We talk about wrestling like it is a video game. We complain about booking, we argue about who should hold the gold, and we meme about the pacing of a three-hour show. But we forget that the performers are putting their ligaments through a blender every single night. Grey went down in late 2025, and now she is effectively grounded while the rest of the company builds toward major events like WrestleMania 41 in just a few weeks.
The mental tax of the recovery room
There is nothing glamorous about ACL recovery. It isn't a dramatic vignette. It is months of physical therapy, ice machines, and staring at the ceiling when you have a match to get to. Grey has been vocal about the mental toll, noting that these last two weeks have been the absolute hardest of her life. That isn't just athlete speak. That is the feeling of losing your identity in the middle of a career push.

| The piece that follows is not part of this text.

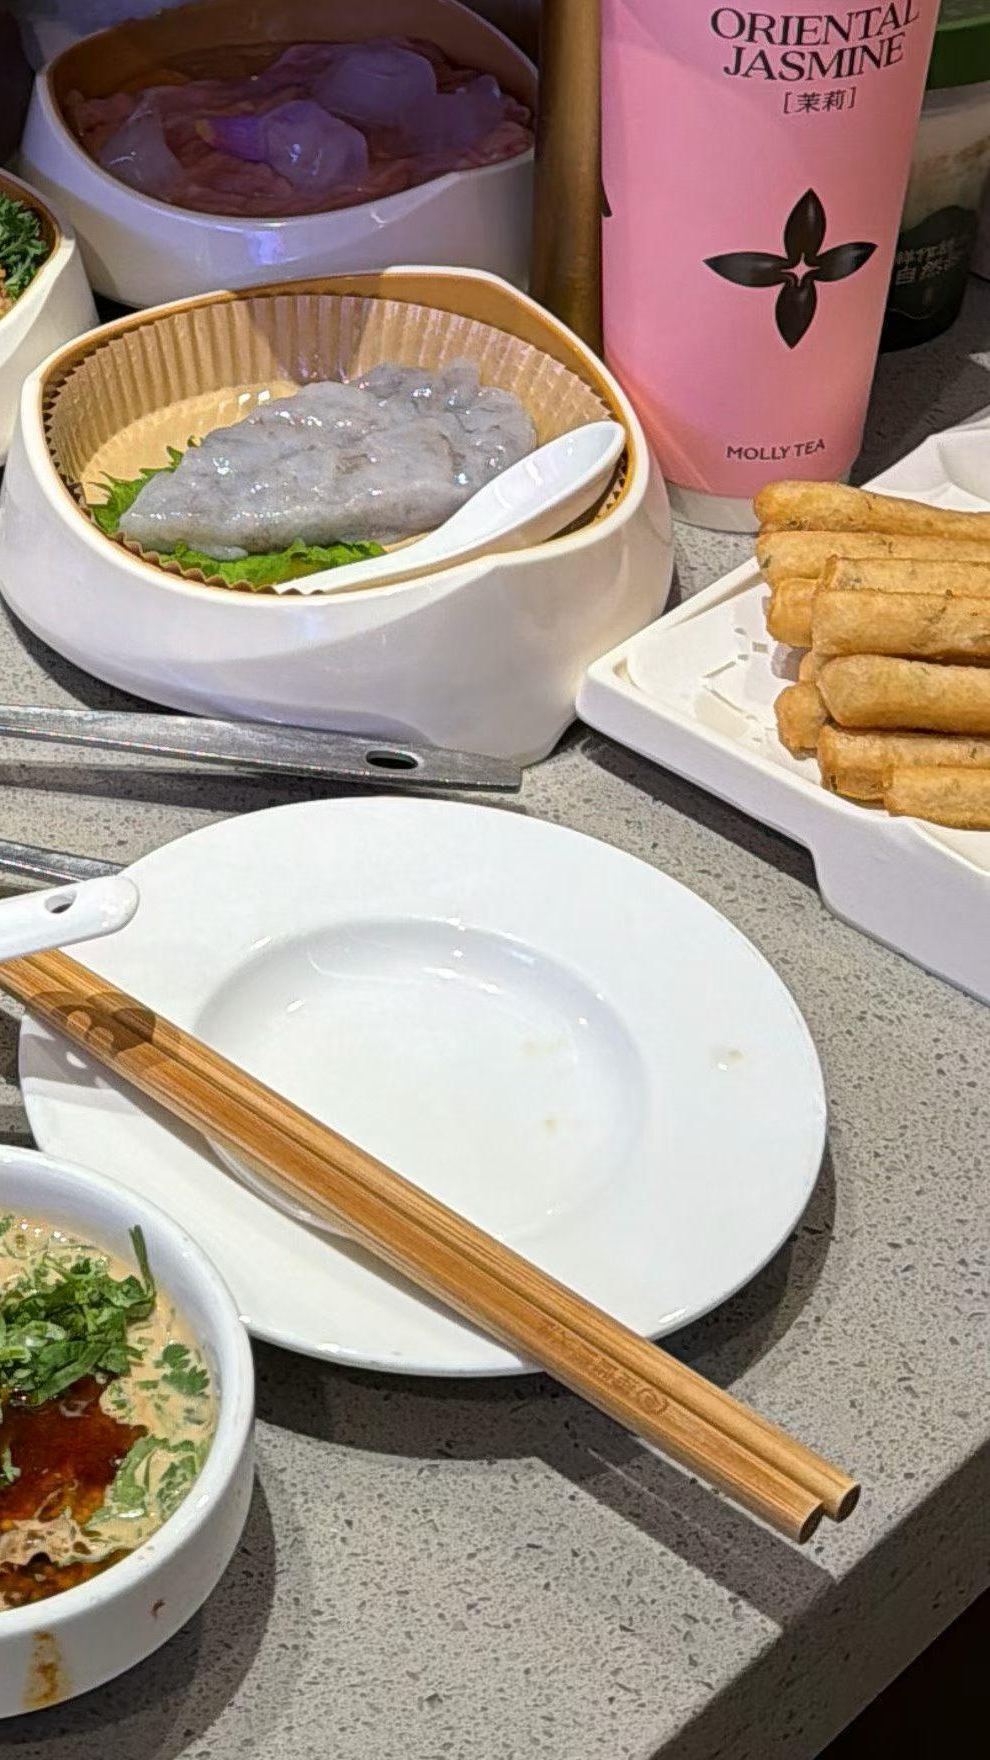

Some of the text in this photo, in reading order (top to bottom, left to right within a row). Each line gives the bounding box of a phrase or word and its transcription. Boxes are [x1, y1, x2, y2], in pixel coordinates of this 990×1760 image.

[723, 32, 907, 82] JASMINE
[726, 438, 826, 461] MOLLY TEA

You can see the frustration. She spent the tail end of 2025 grinding, trying to climb up the card after unsuccessfully chasing hardware, only to have the rug pulled out. In a company like AEW, where the roster is as crowded as a subway car at rush hour, staying relevant while you are stuck in a walking boot is almost impossible. The fans move on fast. By the time you get your mobility back, the booking priorities have usually circled the globe twice.
Is the AEW schedule too much?
This brings up the elephant in the room: the grind. We see the high spots, the dives into the crowd, and the move-sets that look like they belong in an action movie. Every time a wrestler takes a bump, we are one misstep away from a surgery update. A torn ACL is the classic wrestling injury, a legacy of the sheer volume of high-impact maneuvers becoming the standard expectation for an undercard match.

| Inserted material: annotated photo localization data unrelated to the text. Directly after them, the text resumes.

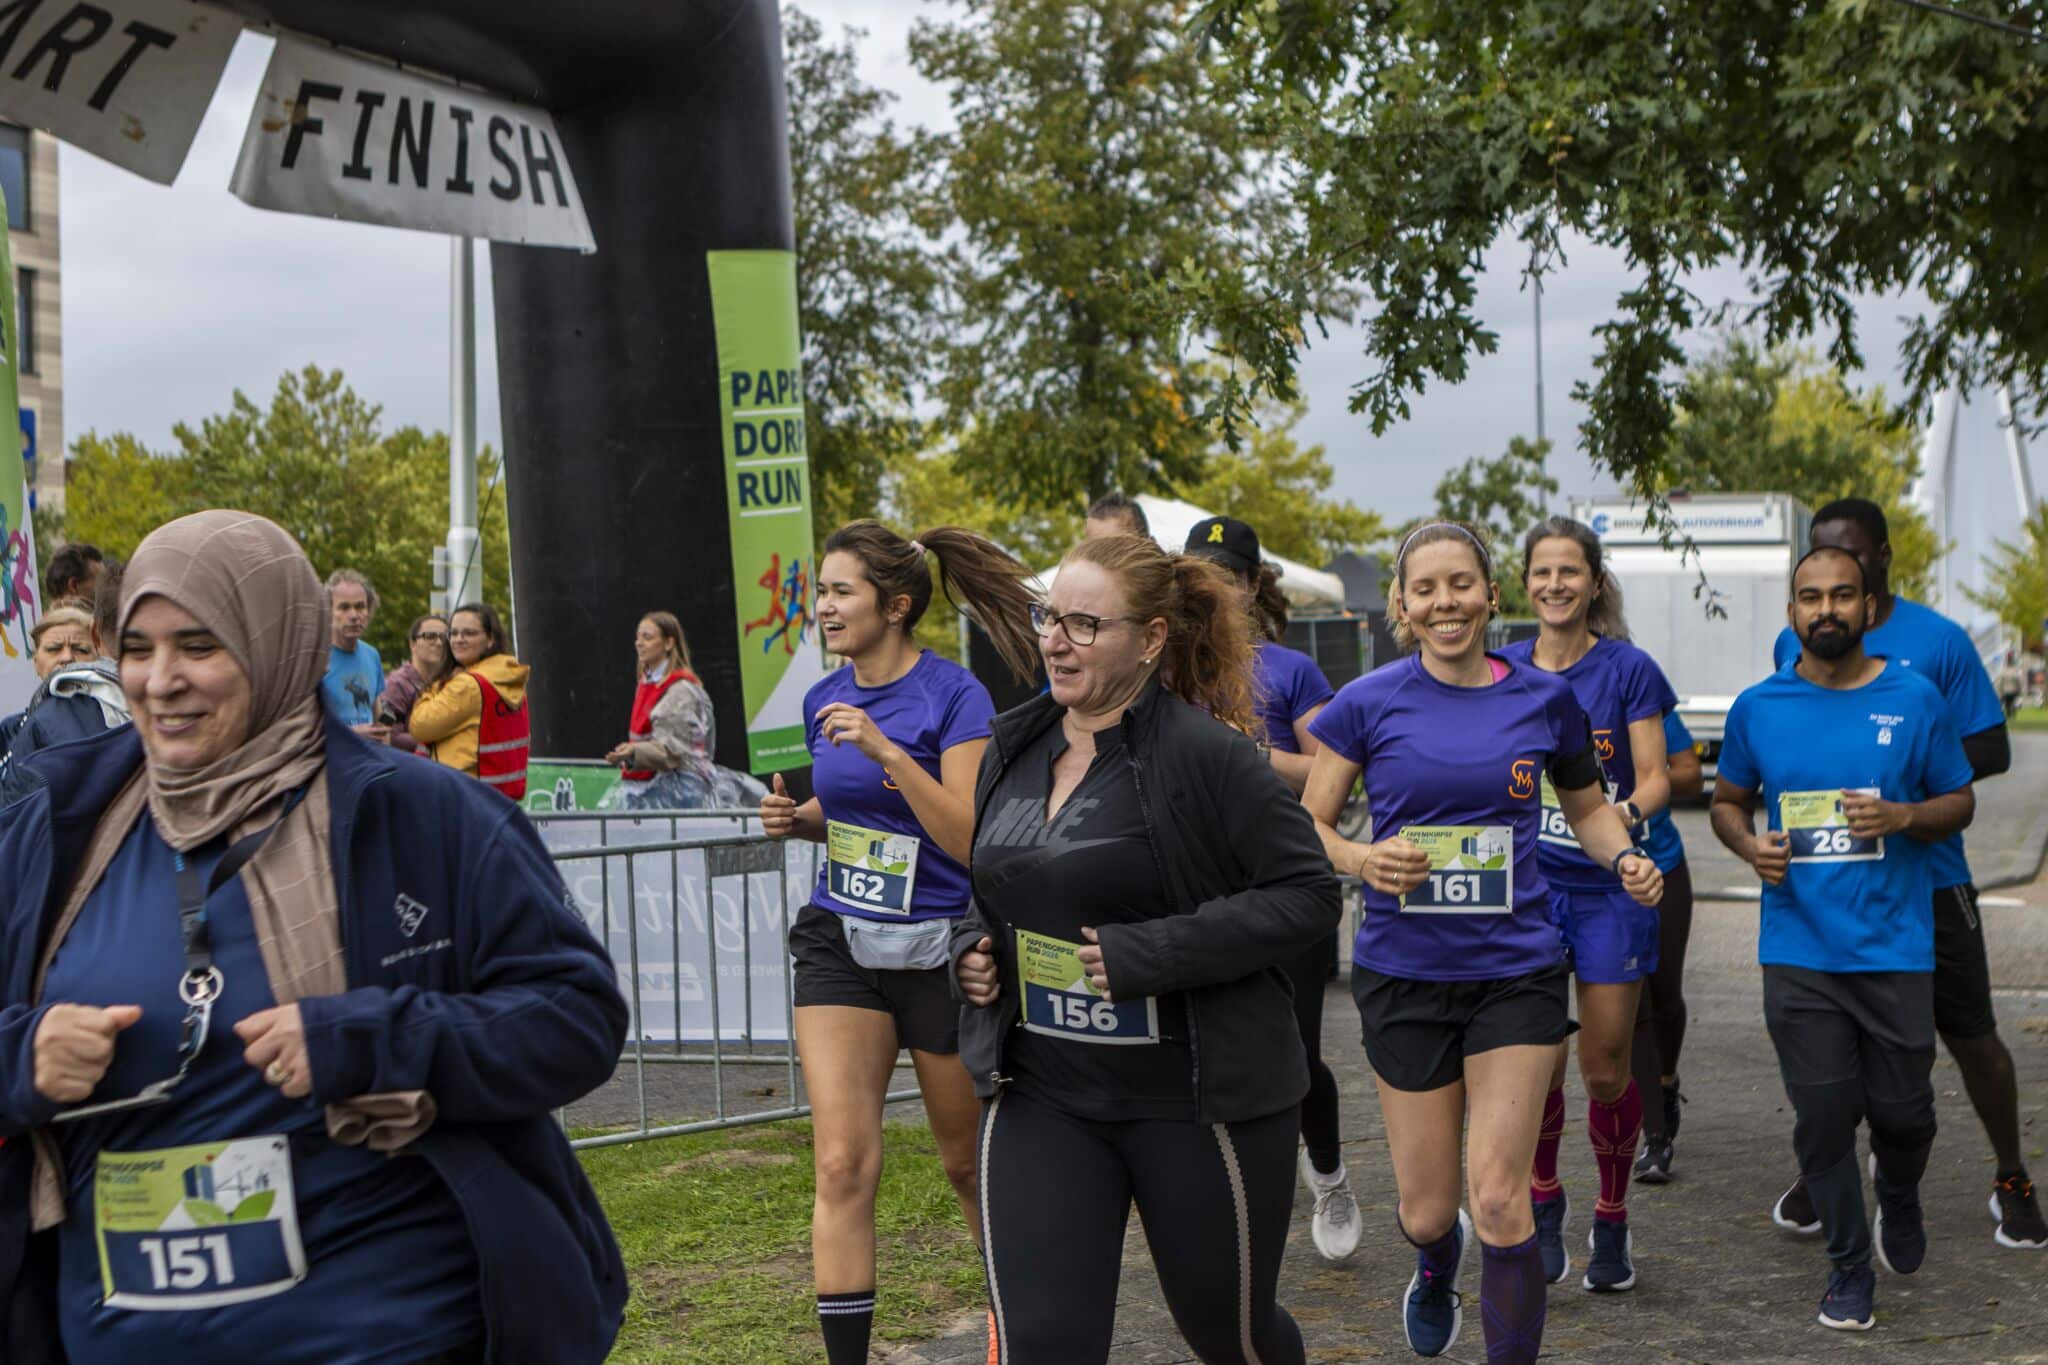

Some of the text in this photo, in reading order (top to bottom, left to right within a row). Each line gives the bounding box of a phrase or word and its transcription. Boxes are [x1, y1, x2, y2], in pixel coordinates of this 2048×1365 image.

[280, 80, 570, 209] FINISH
[737, 468, 802, 508] RUN
[1812, 829, 1851, 854] 26
[841, 868, 885, 903] 162
[1429, 874, 1480, 902] 161
[1047, 994, 1118, 1032] 156
[139, 1234, 235, 1290] 151

Management has to look at how these injuries are happening. When you ask people to work a style that requires landing on their knees or pivots that stress the joint, you are going to see the injury list grow. Grey is a talent who was consistently turning in work, but now she is a cautionary tale. Wrestling fans love the spectacle, but we need to demand that the performers preserve their bodies so we can actually see them wrestle for more than two straight years.
I really hope the recovery goes smoothly for her because the talent is undeniable. No one wants to see a promising run halted by a freak accident. However, the optics of the current injury pileup across major promotions is getting a little too consistent for comfort. It is time for the training staff and producers to look at the load and maybe stop asking for a 450 splash every time someone steps between the ropes.